De Blasio attorney: State used ‘selective criminalization’

A campaign attorney for Mayor Bill de Blasio, above, accused the state's top election investigator of criminalizing legal fundraising efforts and leaking a January internal memo on the matter. Credit: Yeong-Ung Yang
New York Mayor Bill de Blasio’s campaign attorney Sunday accused the state’s top election investigator of trying to “selectively criminalize” legal political fundraising efforts in a January memo alleging he and his aides broke campaign finance laws.
Laurence D. Laufer defended the mayor’s 2014 fundraising in a seven-page letter to Risa Sugarman, the chief enforcement counsel of the state Board of Elections, saying she misunderstood campaign finance law and her office “was treating a coordinated political party effort to elect a majority to the State Senate as some kind of criminal conspiracy.”
He also accused Sugarman of leaking the Jan. 4 internal memo that surfaced Friday in a “politically motivated act” that violated her “nonpartisan, independent function.”
In the memo to the election board, Sugarman said de Blasio and his political aides broke state campaign-finance laws in 2014 when coordinating fundraising efforts for Democratic state Senate candidates, as part of an unsuccessful effort to reclaim control of the chamber.

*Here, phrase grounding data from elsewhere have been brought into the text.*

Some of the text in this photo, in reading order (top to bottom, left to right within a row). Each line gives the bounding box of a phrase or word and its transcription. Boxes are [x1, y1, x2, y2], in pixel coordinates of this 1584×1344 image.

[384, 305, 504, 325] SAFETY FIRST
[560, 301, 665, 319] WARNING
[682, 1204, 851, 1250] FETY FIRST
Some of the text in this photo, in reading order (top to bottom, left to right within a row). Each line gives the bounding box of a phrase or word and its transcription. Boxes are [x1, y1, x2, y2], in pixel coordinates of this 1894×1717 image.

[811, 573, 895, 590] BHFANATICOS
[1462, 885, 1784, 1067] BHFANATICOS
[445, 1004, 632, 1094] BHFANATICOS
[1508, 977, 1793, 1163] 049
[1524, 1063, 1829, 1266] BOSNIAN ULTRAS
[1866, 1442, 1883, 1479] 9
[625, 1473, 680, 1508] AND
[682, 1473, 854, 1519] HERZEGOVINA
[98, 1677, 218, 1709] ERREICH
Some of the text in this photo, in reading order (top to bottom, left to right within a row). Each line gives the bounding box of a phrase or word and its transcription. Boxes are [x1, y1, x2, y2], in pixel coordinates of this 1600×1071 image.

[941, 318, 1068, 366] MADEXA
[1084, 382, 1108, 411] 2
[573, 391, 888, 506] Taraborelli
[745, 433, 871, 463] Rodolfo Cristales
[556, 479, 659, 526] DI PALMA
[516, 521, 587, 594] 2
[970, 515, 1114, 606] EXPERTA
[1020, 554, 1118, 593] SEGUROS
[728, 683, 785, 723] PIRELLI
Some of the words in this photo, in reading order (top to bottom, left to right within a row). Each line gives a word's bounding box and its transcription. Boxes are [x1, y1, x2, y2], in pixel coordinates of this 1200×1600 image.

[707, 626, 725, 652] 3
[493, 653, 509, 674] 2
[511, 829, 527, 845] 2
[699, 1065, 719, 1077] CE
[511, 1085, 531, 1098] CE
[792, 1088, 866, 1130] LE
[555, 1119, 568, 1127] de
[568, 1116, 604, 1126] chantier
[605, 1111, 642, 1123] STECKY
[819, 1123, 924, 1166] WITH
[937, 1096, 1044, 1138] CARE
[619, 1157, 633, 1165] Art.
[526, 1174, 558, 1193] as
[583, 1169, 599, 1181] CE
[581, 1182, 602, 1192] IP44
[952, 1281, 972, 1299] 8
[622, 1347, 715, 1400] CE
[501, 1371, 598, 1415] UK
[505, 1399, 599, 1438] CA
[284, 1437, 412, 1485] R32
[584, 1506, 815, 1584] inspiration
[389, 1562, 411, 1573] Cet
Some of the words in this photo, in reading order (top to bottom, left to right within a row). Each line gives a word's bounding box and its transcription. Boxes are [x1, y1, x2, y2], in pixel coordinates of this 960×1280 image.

“I have determined that reasonable cause exists to believe a violation warranting criminal prosecution has taken place,” Sugarman wrote in the memo. “. . . The violations discovered by this investigation can only be described as willful and flagrant.”
Sugarman said de Blasio had conspired with the New York Hotel Trades Council union, the United Federation of Teachers, and political consultants to channel at least $971,000 in 2014 to three upstate Democratic senate candidates and skirt campaign-finance laws by having donors contribute to party committees who would then transfer the money to each candidate’s campaign account.
According to a source, the board unanimously voted earlier this year to refer the matter to the Manhattan District Attorney’s Office for potential criminal prosecution, at the recommendation of Sugarman, who was appointed to the role of reviewing election law complaints in 2014, by Gov. Andrew M. Cuomo. She did not immediately return an email Sunday seeking comment.
In his letter, Laufer said de Blasio’s fundraising methods were entirely legal. Both Republicans and Democrats have long solicited donors to contribute to local and state political parties, who then transfer the money to individual candidates, Laufer wrote. Under state law, donors can contribute a maximum of $102,300 to a party committee, compared to $10,300 for an individual candidate. There is no restriction on the amount of money a party committee can transfer to an individual candidate.
“There is nothing novel about the 2014 Democratic Party campaign to elect Democratic candidates to the State Senate other than your attempt to selectively criminalize it,” Laufer wrote of Sugarman’s efforts.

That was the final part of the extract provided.